Consider a scenario where every asset within the UK was securely recorded in a shared ledger that is entirely transparent and immutable, and which would arguably secure the basic aims of the UK Corporate Governance Code and Disclosure and Transparency Rules. Such a use of blockchain could have the potential to end surprise profit warnings and prevent future financial disasters. On the other hand, some might argue that the knock-on effects of such a system could potentially be damaging. For instance, might this way of operating undermine competitiveness with competing markets that do not use the technology? These are the kind of questions that need serious consideration as blockchain becomes more widely used.
Inventors of the internet and World Wide Web may not have visualised a dark web. Similarly, blockchains mysterious inventor, Satoshi Nakomoto, may not have envisaged the following risks:
- Money laundering All financial crimes need to obscure the source of gain or hide the proceeds. Mixers and tumblers (like Wasabi Wallet) make it more difficult to trace the path of funds. By pooling cryptofunds from multiple users, and giving each one back an amount from the pool equal to what they initially put in, minus a service fee, it is more difficult (and time consuming) to trace the path to the culprits. Further, improving the speed of transactions would make it easier to transfer illicit cryptofunds automatically through numerous accounts within microseconds, raising further challenges for law enforcers.
- Scams According to one leading blockchain analysis report, scams in 2019 accounted for over US$ 8 billion in transactions mostly through exchanges, such as Binance and Huobi, and involving over 300,000 accounts. This despite both exchanges being subject to KYC regulation. Ponzi-type scams are also rife, for example ‘Plus Token’ which has been blamed for causing the fall in Bitcoin prices in 2019 as stolen funds were sold via Bitcoin OTCs.
- Security All technologies possess vulnerability. Smart contracts and exchanges which use a blockchain network to operate are subject to risk of security glitches or error. If a security flaw exists on the blockchain network where a smart contract operates, or security practices on exchanges are weak, hackers may be able to steal money without being detected.
- Criminal Motivations As with other technologies, criminals target blockchain applications using social engineering, malware and other exploitative measures.
- Reputation Risk Without specialised advice or a clear legal and regulatory framework, there is always the possibility that blocks may not be compliant with data protection laws and, where financial losses occur, allocation of unclear liabilities may lead to unforeseen reputational risks.
Despite these known inherent risks and threats, blockchain technology is still widely used.
Are regulators doing enough?
- Bearing in mind the potential impact of failure of this technology, many may expect regulators to be taking a proactive approach in its regulation.
- However, the approach taken by most regulators is not to regulate the technology directly but rather its application. For instance, where blockchain deals with cryptoassets which provides rights or obligations in a regulated asset in itself, such as a financial instrument under MiFID II (i.e. a ‘security token’) or regulated under the Electronic Money Regulations (an ‘E-money token’), this is within remit. Cryptocurrencies are generally considered to be ‘exchange tokens’, or, possibly, ‘utility tokens’ and outwith the regulator remit. This is the FCA approach.

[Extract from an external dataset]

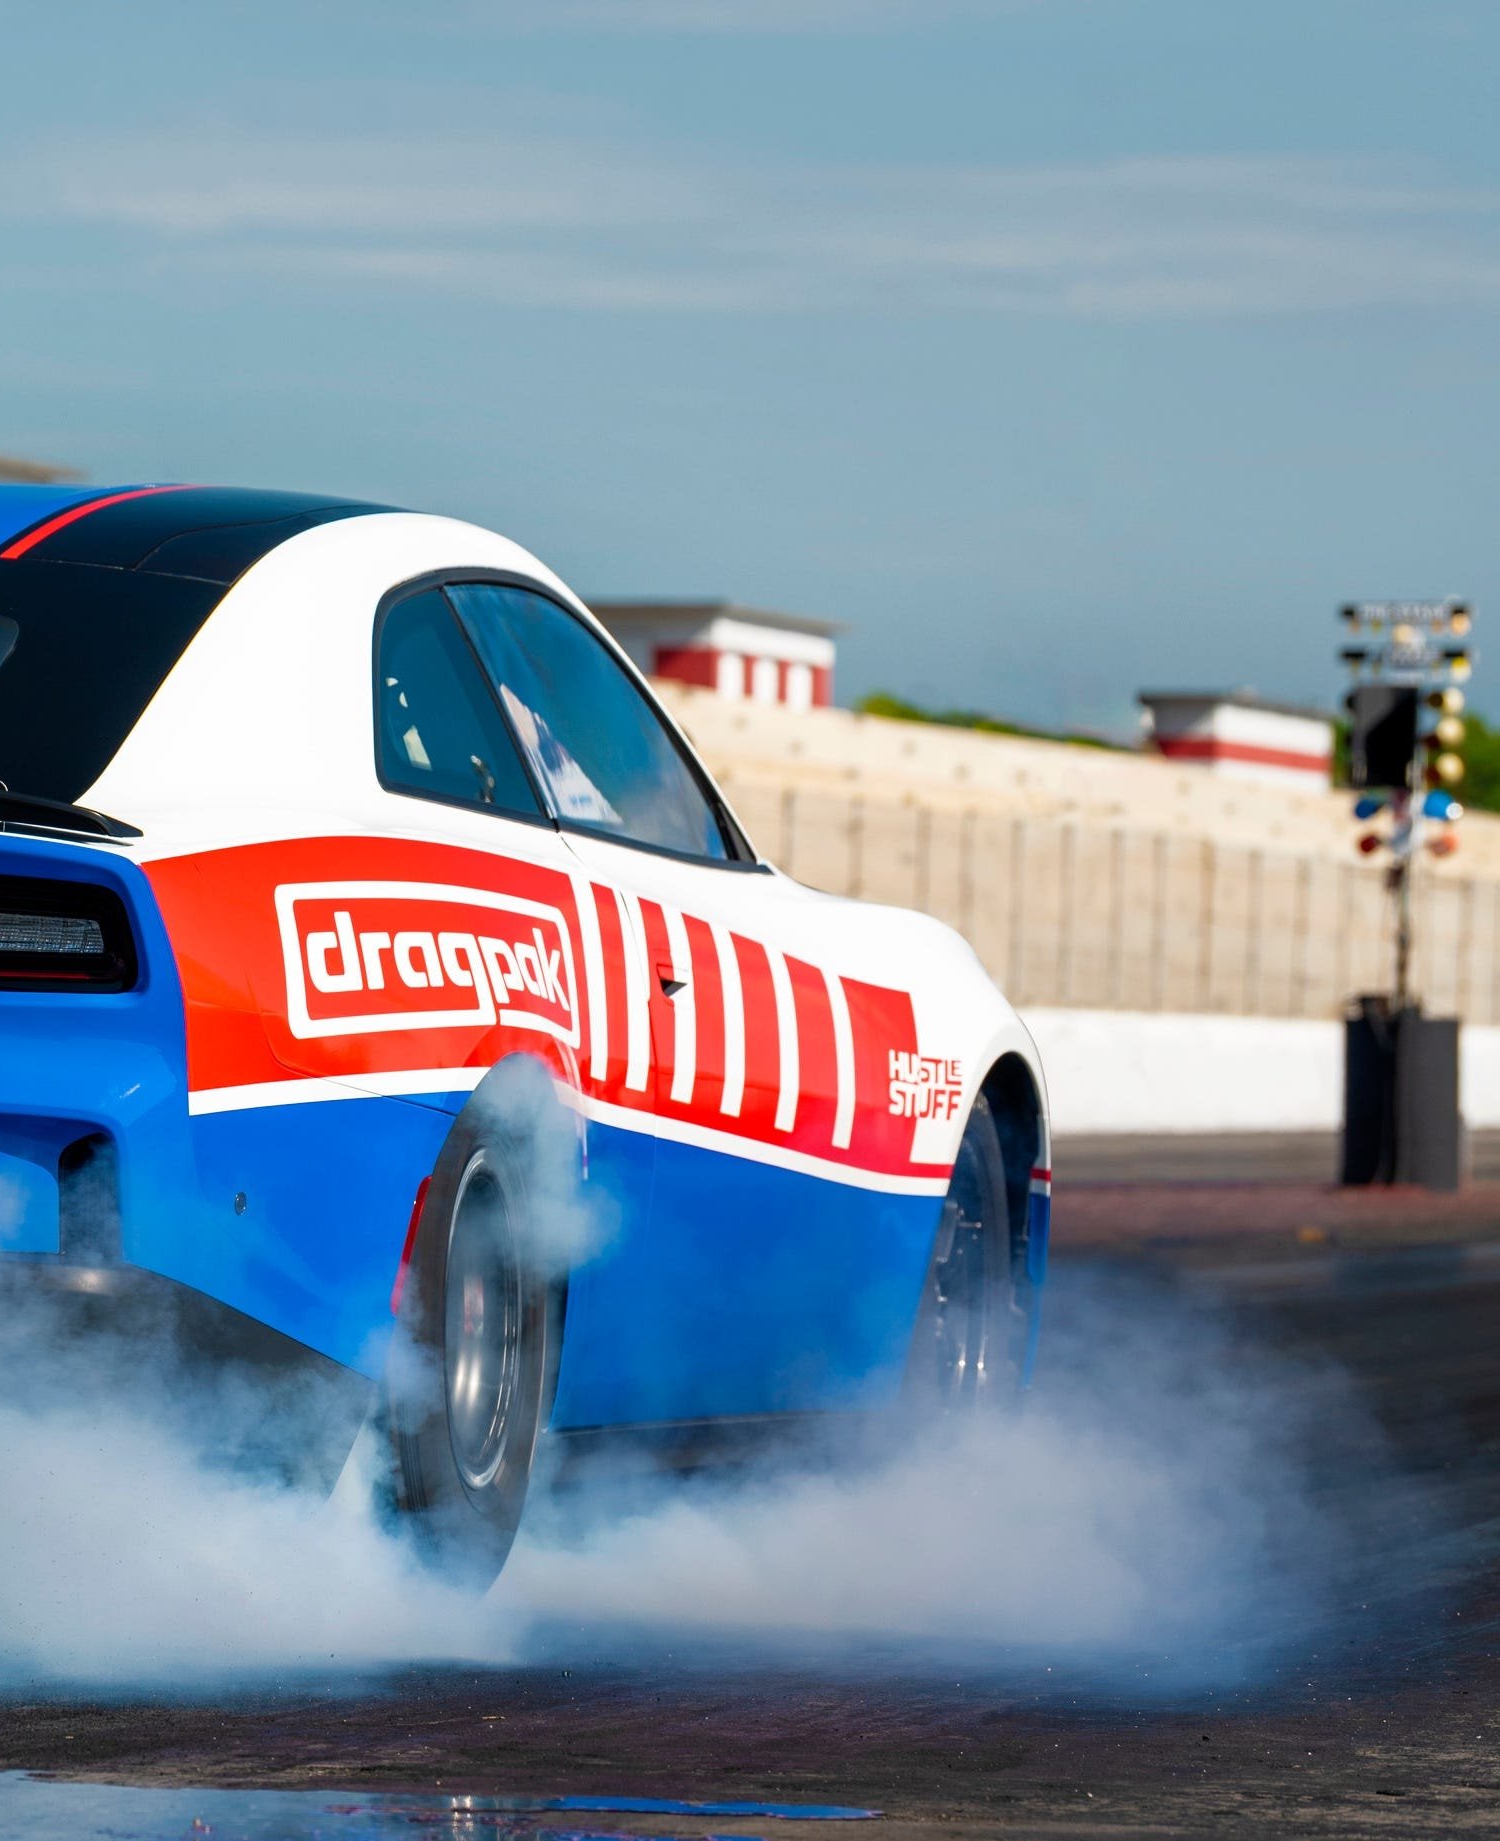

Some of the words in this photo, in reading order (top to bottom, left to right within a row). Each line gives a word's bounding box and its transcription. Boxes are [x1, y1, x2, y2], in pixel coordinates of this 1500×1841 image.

[306, 911, 571, 1012] dragpak
[888, 1049, 963, 1086] HUSTLE
[888, 1080, 963, 1120] STUFF

- Offshore regulators, such as the Guernsey Financial Services Commission, assess such technologies on a case-by-case basis but ‘would be cautious about approving applications for [initial coin offerings] ICOs …. [and] the establishment of a digital currency exchange’. Bearing in mind the risks associated with Binance and Huobi, this may be a sensible approach.
- Organisations undertaking unregulated blockchain activities may come under regulatory supervision indirectly under other regulatory regimes such as AML, SMCR, and general Principles for Business Rules (PRIN) (or equivalent).
- The Basel Committee has recently issued a discussion paper and re-emphasised previous guidance for banks conducting business with cryptoassets to take steps to mitigate inherent key risks through due diligence, appropriate governance, anti-money laundering and manage exposure for significant losses.
- Where cryptoassets may be unregulated and therefore not covered by financial services compensations schemes (if present), consumers may also not have recourse to a Financial Ombudsman Service (if present).
Perhaps regulators should be providing guidance where the application of the technology demonstrates a clear benefit with acceptable risk, such as suggested by the OECD in third party risk management and AML due diligence exercises?
There has been much written on blockchain since its inception. The applications of it continue to create interest and expectation but, like any technology, there are inherent risks which may not be within everyone’s risk appetite. Whether it will fulfil its ultimate vision to remove all intermediaries is perhaps a moot question, but it seems doubtful.
Perhaps the final thoughts should be that we should all continue to be wary and, as one observer suggested to regulators, ‘become experts in this technology in order to start fighting money laundering’.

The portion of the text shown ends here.